### What this task involves:
Would you please reproduce all the entries exactly, leaving the pictures out?

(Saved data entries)
════════

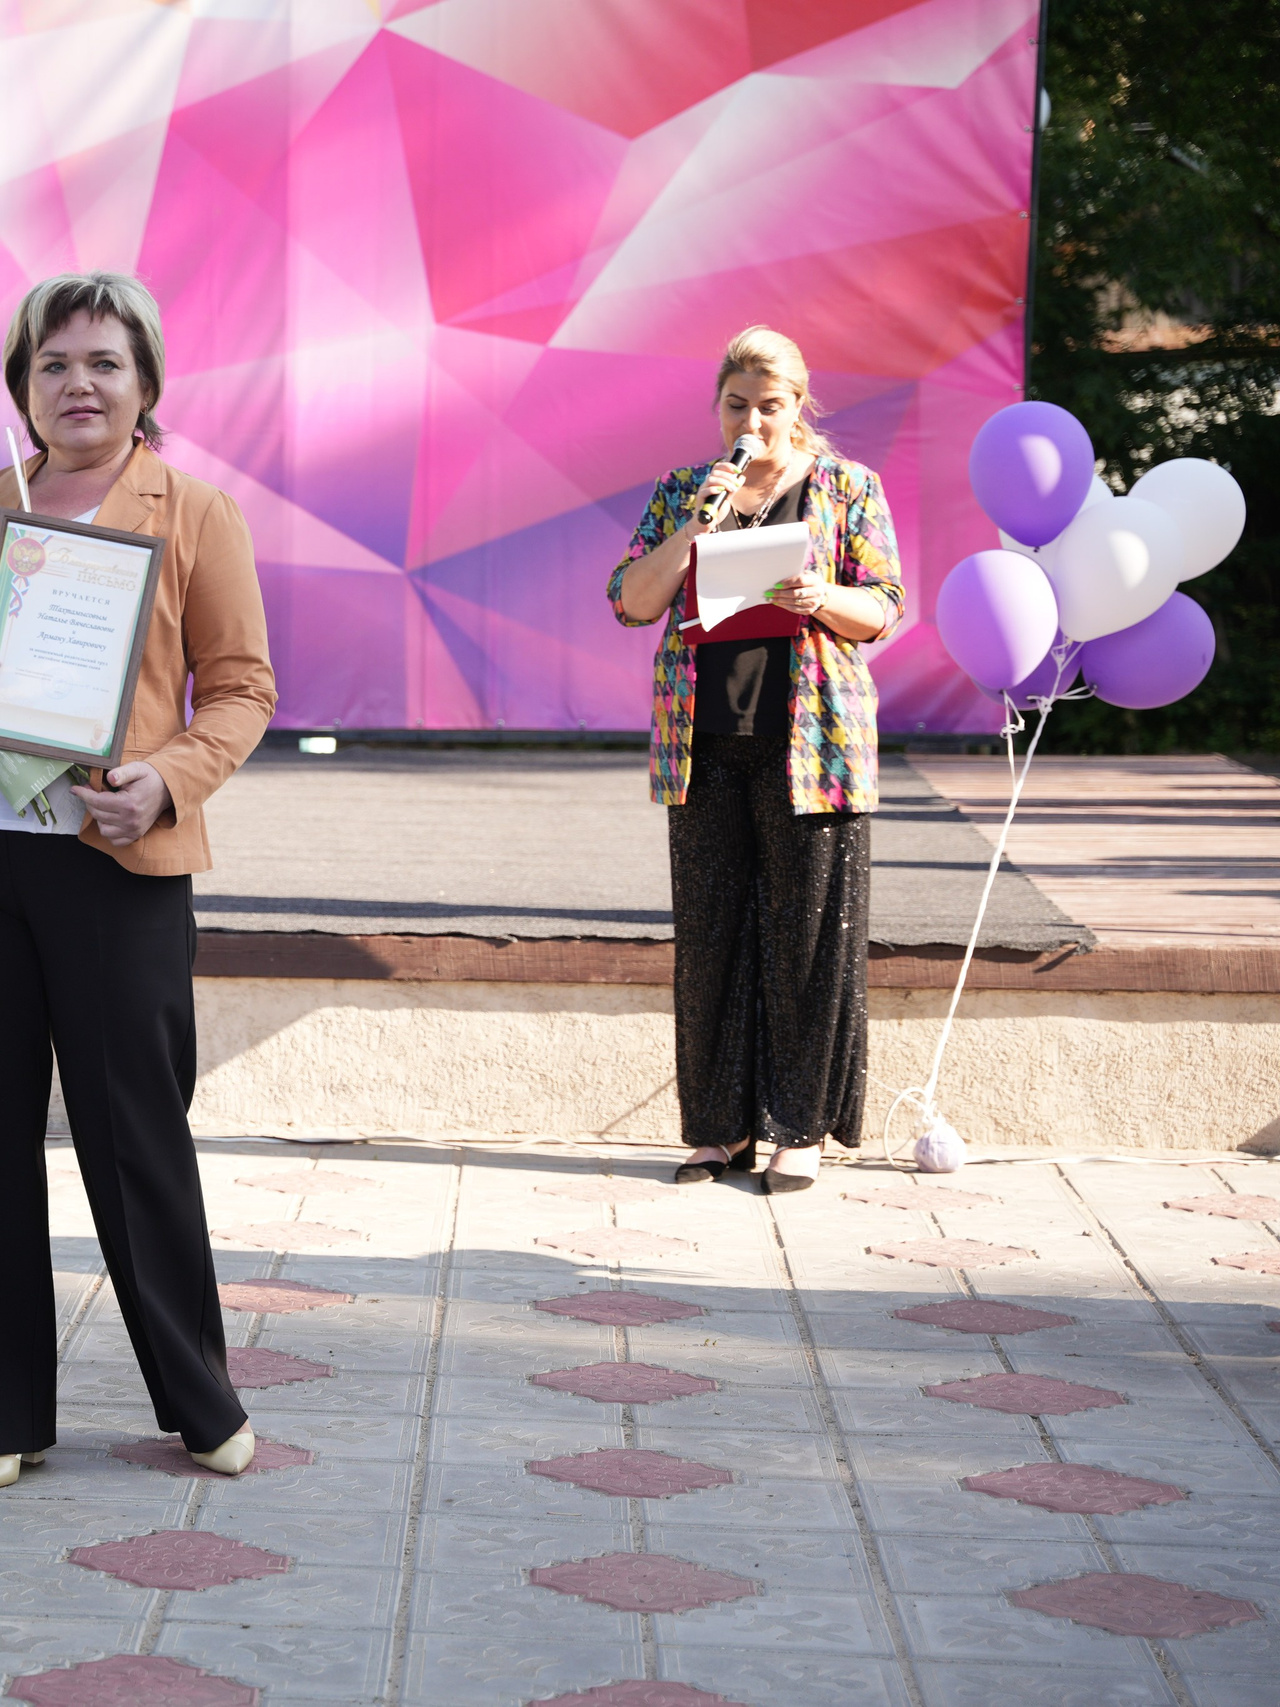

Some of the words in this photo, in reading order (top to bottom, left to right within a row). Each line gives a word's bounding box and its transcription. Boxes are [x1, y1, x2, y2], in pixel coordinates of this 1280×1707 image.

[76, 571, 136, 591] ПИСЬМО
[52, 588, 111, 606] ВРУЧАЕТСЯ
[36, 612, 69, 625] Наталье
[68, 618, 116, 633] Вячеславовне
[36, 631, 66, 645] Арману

════════

### Result of this exercise:
Some of the words in this photo, in reading order (top to bottom, left to right within a row). Each line gives a word's bounding box and its transcription. Boxes are [x1, y1, x2, y2], in pixel coordinates of this 1280×1707 image.

[76, 571, 136, 591] ПИСЬМО
[52, 588, 111, 606] ВРУЧАЕТСЯ
[36, 612, 69, 625] Наталье
[68, 618, 116, 633] Вячеславовне
[36, 631, 66, 645] Арману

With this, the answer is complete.